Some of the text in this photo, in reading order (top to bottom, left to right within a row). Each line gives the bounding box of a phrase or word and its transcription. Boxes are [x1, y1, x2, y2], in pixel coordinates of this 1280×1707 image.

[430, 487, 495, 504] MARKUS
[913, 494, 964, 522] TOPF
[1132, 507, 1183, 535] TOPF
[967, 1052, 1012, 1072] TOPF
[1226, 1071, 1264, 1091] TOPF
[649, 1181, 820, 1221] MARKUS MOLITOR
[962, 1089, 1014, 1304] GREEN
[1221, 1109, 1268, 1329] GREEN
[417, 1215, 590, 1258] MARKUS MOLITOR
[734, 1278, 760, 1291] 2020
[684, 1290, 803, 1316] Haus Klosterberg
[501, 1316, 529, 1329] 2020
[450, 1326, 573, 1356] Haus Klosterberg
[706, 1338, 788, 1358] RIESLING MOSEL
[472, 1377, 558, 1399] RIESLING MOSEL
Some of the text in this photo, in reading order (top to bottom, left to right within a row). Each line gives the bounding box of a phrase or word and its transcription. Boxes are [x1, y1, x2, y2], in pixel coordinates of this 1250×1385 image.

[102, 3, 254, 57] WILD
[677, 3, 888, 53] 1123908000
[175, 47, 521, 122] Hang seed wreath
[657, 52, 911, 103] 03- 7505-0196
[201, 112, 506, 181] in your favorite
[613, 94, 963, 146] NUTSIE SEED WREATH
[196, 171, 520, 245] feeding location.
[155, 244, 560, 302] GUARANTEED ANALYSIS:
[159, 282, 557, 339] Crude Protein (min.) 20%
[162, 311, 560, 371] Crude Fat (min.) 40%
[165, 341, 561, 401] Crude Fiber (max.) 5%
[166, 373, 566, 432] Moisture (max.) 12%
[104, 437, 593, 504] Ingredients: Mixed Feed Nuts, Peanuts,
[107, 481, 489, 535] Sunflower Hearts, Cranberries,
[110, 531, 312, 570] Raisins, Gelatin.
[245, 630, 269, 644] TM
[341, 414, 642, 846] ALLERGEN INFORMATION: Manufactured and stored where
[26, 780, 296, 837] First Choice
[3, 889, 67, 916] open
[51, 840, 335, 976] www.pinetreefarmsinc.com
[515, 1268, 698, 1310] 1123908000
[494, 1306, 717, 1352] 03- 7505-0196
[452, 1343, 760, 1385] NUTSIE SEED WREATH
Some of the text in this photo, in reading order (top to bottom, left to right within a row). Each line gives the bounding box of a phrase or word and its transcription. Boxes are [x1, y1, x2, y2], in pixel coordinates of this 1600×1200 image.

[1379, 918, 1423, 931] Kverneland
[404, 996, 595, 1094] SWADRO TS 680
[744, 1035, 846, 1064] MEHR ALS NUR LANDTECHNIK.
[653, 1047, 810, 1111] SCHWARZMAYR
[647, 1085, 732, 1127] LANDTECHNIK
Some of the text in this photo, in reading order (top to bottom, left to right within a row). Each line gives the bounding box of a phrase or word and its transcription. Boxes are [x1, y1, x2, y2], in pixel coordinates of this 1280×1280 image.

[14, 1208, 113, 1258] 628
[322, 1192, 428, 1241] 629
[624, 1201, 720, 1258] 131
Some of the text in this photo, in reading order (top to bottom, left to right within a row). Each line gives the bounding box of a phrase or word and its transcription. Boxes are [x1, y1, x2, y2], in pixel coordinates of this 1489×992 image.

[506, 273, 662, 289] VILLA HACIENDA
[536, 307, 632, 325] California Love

------------------------------

◆ Exercise aim ◆
Transcribe each record exactly as it is written above.

◆ Response below ◆
Some of the text in this photo, in reading order (top to bottom, left to right within a row). Each line gives the bounding box of a phrase or word and its transcription. Boxes are [x1, y1, x2, y2], in pixel coordinates of this 1280×1707 image.

[430, 487, 495, 504] MARKUS
[913, 494, 964, 522] TOPF
[1132, 507, 1183, 535] TOPF
[967, 1052, 1012, 1072] TOPF
[1226, 1071, 1264, 1091] TOPF
[649, 1181, 820, 1221] MARKUS MOLITOR
[962, 1089, 1014, 1304] GREEN
[1221, 1109, 1268, 1329] GREEN
[417, 1215, 590, 1258] MARKUS MOLITOR
[734, 1278, 760, 1291] 2020
[684, 1290, 803, 1316] Haus Klosterberg
[501, 1316, 529, 1329] 2020
[450, 1326, 573, 1356] Haus Klosterberg
[706, 1338, 788, 1358] RIESLING MOSEL
[472, 1377, 558, 1399] RIESLING MOSEL
Some of the text in this photo, in reading order (top to bottom, left to right within a row). Each line gives the bounding box of a phrase or word and its transcription. Boxes are [x1, y1, x2, y2], in pixel coordinates of this 1250×1385 image.

[102, 3, 254, 57] WILD
[677, 3, 888, 53] 1123908000
[175, 47, 521, 122] Hang seed wreath
[657, 52, 911, 103] 03- 7505-0196
[201, 112, 506, 181] in your favorite
[613, 94, 963, 146] NUTSIE SEED WREATH
[196, 171, 520, 245] feeding location.
[155, 244, 560, 302] GUARANTEED ANALYSIS:
[159, 282, 557, 339] Crude Protein (min.) 20%
[162, 311, 560, 371] Crude Fat (min.) 40%
[165, 341, 561, 401] Crude Fiber (max.) 5%
[166, 373, 566, 432] Moisture (max.) 12%
[104, 437, 593, 504] Ingredients: Mixed Feed Nuts, Peanuts,
[107, 481, 489, 535] Sunflower Hearts, Cranberries,
[110, 531, 312, 570] Raisins, Gelatin.
[245, 630, 269, 644] TM
[341, 414, 642, 846] ALLERGEN INFORMATION: Manufactured and stored where
[26, 780, 296, 837] First Choice
[3, 889, 67, 916] open
[51, 840, 335, 976] www.pinetreefarmsinc.com
[515, 1268, 698, 1310] 1123908000
[494, 1306, 717, 1352] 03- 7505-0196
[452, 1343, 760, 1385] NUTSIE SEED WREATH
Some of the text in this photo, in reading order (top to bottom, left to right within a row). Each line gives the bounding box of a phrase or word and its transcription. Boxes are [x1, y1, x2, y2], in pixel coordinates of this 1600×1200 image.

[1379, 918, 1423, 931] Kverneland
[404, 996, 595, 1094] SWADRO TS 680
[744, 1035, 846, 1064] MEHR ALS NUR LANDTECHNIK.
[653, 1047, 810, 1111] SCHWARZMAYR
[647, 1085, 732, 1127] LANDTECHNIK
Some of the text in this photo, in reading order (top to bottom, left to right within a row). Each line gives the bounding box of a phrase or word and its transcription. Boxes are [x1, y1, x2, y2], in pixel coordinates of this 1280×1280 image.

[14, 1208, 113, 1258] 628
[322, 1192, 428, 1241] 629
[624, 1201, 720, 1258] 131
Some of the text in this photo, in reading order (top to bottom, left to right within a row). Each line gives the bounding box of a phrase or word and its transcription. Boxes are [x1, y1, x2, y2], in pixel coordinates of this 1489×992 image.

[506, 273, 662, 289] VILLA HACIENDA
[536, 307, 632, 325] California Love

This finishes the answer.